As summer comes to an end, our days are getting shorter, and our nights are starting ever earlier. Because of this, a lot of us are having to do our evening dog walk in the darkness. This can raise all sorts of worries – visibility and general safety being top of the list.
When it comes to walking in the dark, it’s always best to go prepared. Light is absolutely key – for you, for your dog, and for passers-by.
Take a torch
Lighting your own way is hugely important – it will help to show you any holes or uneven ground, stopping you from stumbling or falling. It will also prove useful when the time comes to pick up your dog’s poo – no one likes fumbling around blindly for that!
Light up your dog
Whilst dogs are more than capable of navigating by their nose alone, a light will help you to keep track of them. The Orbiloc Dog Safety Lights are a great option, as you can attach them to near anything – ideal for sticking on your dog’s harness and/or collar.

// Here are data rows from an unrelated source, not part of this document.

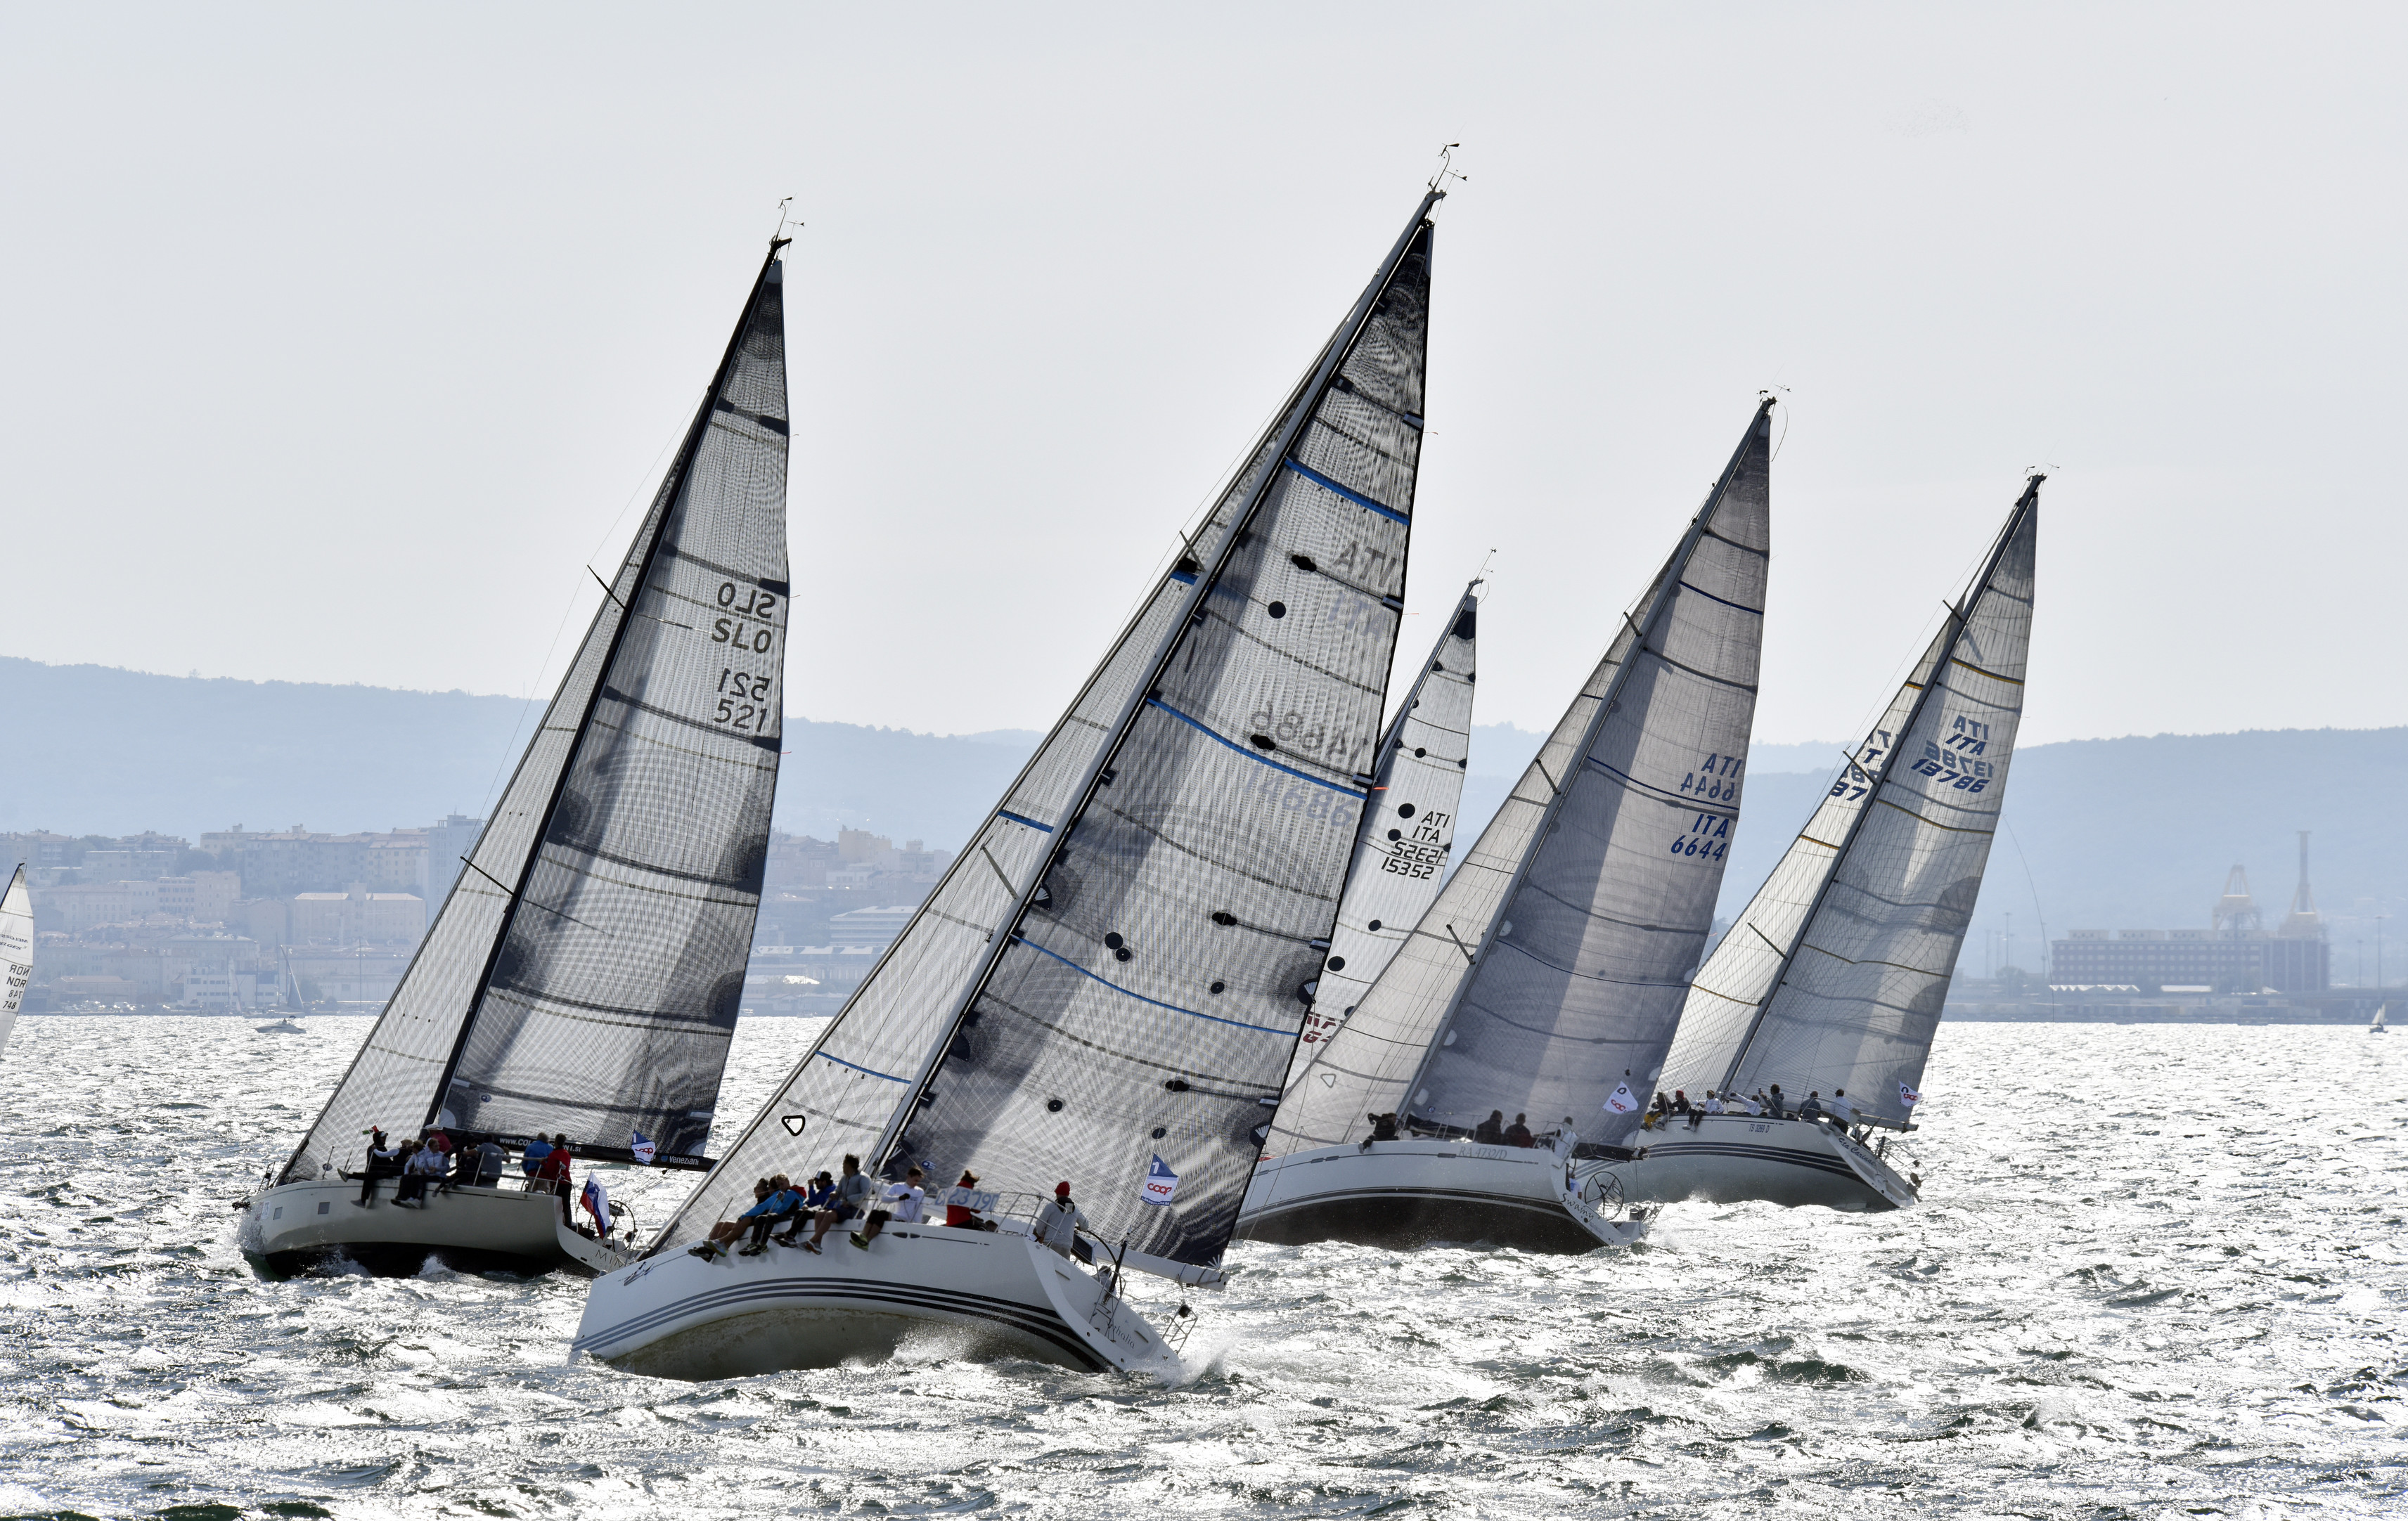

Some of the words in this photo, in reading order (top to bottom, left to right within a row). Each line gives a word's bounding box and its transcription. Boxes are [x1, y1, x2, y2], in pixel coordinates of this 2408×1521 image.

[711, 618, 772, 654] SLO
[713, 698, 767, 732] 521
[1945, 734, 1987, 756] ITA
[1911, 758, 1990, 793] 13786
[1412, 826, 1440, 843] ITA
[1692, 814, 1730, 838] ITA
[1671, 835, 1727, 861] 6644
[1381, 857, 1434, 879] 15352
[6, 976, 27, 988] NOR
[3, 1001, 17, 1009] 748
[1152, 1161, 1160, 1174] 1
[1147, 1183, 1172, 1196] coop

You can also get light-up collars, which offer a large light across the whole collar. Both of these options come in multiple colours, so those of you with larger fur-families can still keep an eye on which dog is which.
Wear reflective gear
Wearing hi-vis equipment is vital if you’re walking around motor traffic, cyclists, or even other pedestrians. It allows everyone to see you and your dogs from a distance, which means they can safely avoid you or brake if required.

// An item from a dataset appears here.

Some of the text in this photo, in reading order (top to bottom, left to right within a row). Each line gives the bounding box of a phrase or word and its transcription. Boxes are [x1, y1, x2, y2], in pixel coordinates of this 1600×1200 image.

It’s important to dress yourself in reflective gear, but also your dog. Reflective harnesses are the best way to do this, as they cover the most space, but collars and leads are also available. If you have a reactive dog, you can get hi-vis gear that also asks for your dog to have more space.
Know your route
The last thing you want is to get lost in the dark, so it’s important you’re familiar with the route you’re taking.

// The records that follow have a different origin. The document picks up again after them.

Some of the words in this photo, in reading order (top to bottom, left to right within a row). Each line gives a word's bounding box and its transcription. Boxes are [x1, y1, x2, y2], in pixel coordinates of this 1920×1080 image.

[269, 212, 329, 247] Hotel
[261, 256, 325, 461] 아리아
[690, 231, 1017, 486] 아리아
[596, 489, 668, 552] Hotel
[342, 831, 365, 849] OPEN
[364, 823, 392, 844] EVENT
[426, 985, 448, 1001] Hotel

This not only stops you from becoming disorientated, but also helps you to know the layout of the terrain and reduce the chances of a fall. Walk the route in the daytime first to become more familiar with it – this will stop any surprises when you’re off-guard in the dark.
Check if it’s safe to let your dog off-lead
If you’re letting your dog off-lead at any point, or even using a retractable lead, knowing your walking area is vital. You want to make sure that there are no roads nearby, and no temptations (such as ducks and rivers!) that will entice your dog away from you. It’s also important to remember that other dog-walkers may well be around. Owners of reactive dogs, for example, favour walking at unsociable hours, and can often be found out-and-about after dark. This is why, now more than ever, it’s important that your dog has a solid, reliable recall.
If your recall may be problematic for any reason (for example, if it’s not yet reliable, or if weather conditions will make it hard for your dog to hear you), it’s always wise to not let your dog off-lead unless you can control the situation.
If you’re worried for any reason about letting your dog run free after sunset, you can rent an enclosed field – this is a great way to let your dog run free without worrying about them running off and getting into trouble.
Walk with a friend where possible
Taking someone with you on your walk is not only a great way to catch up with an old friend, but it’s much safer than walking on your own.
If an accident does happen, one of you can stay with the dog and the other can get help. If you’re nervous about walking in the dark, they can also offer some moral support and safety in numbers.